Un libricino tanto piccolo quanto ricco di ricordi e riflessioni. Amo la scienza, proprio come Margherita Hack e sono felice di riuscire a trovare una persona con le idee chiare su laicità e vita. In questa Italia dove, ancora, essere laici non è accettato, un esempio del genere può aiutare il nostro paese a crescere sotto questo punto di vista. La cosa che più mi ha colpita è la felicità e voglia di fare che traspare da questo racconto, che apprezzo più di ogni altra cosa
Margherita Hack ha un pensiero pulito, genuino. Quanto avrei voluto conoscerla. Magari come vicina di casa: almeno un paio di volte a settimana sarei passato per un caffè e quattro chiacchiere. Le avrei chiesto un sacco di cose, e mica solo sulle stelle… ma sulla vita di tutti i giorni. La immagino capace di alleggerirti i pensieri ricorrenti, di incoraggiarti a fare quel passo che già sai di voler fare, ma ti manca solo che qualcuno te lo confermi. Una forza della natura, con un cuore grande e un cervello immenso.

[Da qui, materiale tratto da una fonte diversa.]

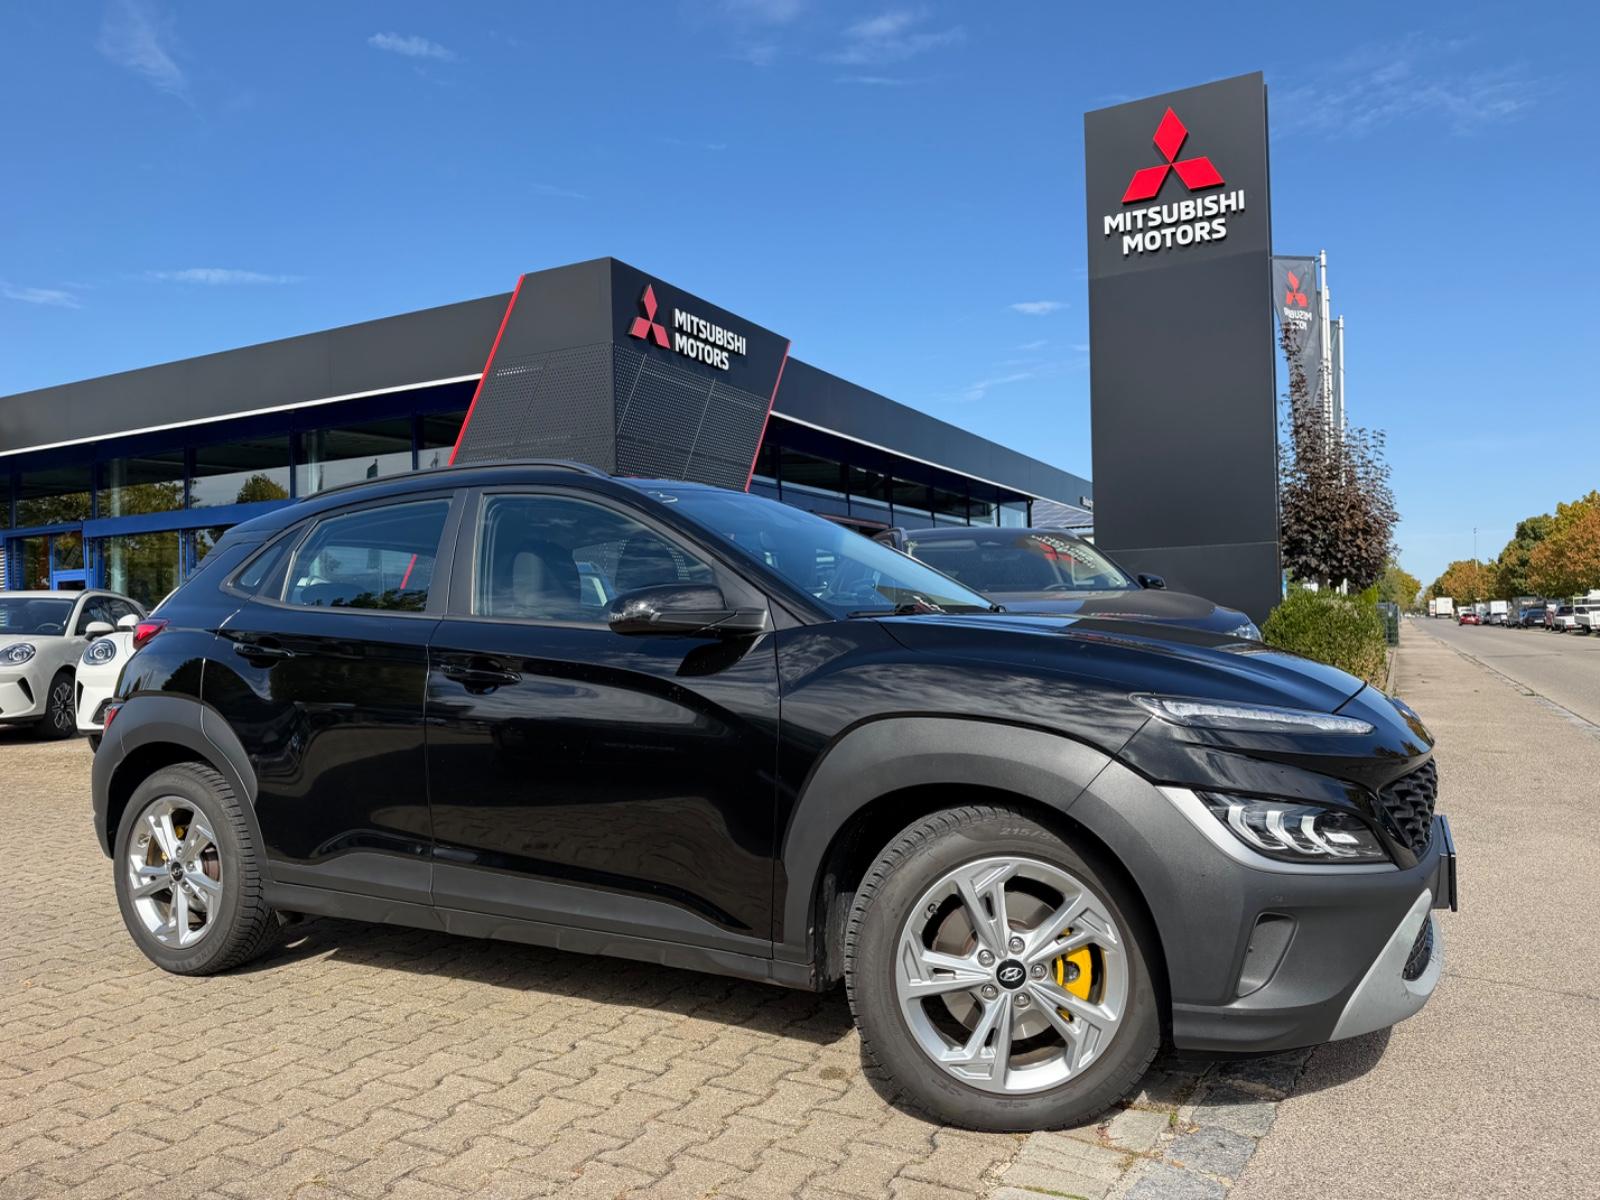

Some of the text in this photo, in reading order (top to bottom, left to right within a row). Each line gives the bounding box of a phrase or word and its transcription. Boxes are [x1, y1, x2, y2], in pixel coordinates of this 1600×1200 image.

Più un podcast/intervista che un libro. Poteva benissimo essere una conversazione di un’oretta scarsa davanti ad un microfono, sarebbe stata apprezzata di più, senza la pretesa di un’autobiografia.
Molto sbrigativo e superficiale. Migliora leggermente coi capitoli, una volta che si arriva alla fase della sua vita di ricerca e divulgazione e si fa pace con lo stile. La er fortuna smette di rivolgersi ai lettori dopo il primo capitolo.
Piccolo libro piacevole da leggere, non impegnativo, non particolarmente avvincente, ma simpatico per chi come me ha una certa ammirazione per il personaggio.
Spunti interessanti sulla vita, sulla scienza, sulla politica e su tutto quello che ci circonda. Peccato però, che non vengano veramente analizzati, rimanendo appunto solo dei semplici spunti.
“Non ho fatto grandi scoperte, […] ho fatto un lavoro serio, onesto ma senza grandi clamori: ho solo portato la mia pietruzza, il mio contributo al mosaico della scienza.”
La vita di una grande donna all’insegna di principi come etica del lavoro, fiducia nel metodo scientifico, impegno civile e difesa delle proprie idee, documentata con stile agile a arioso.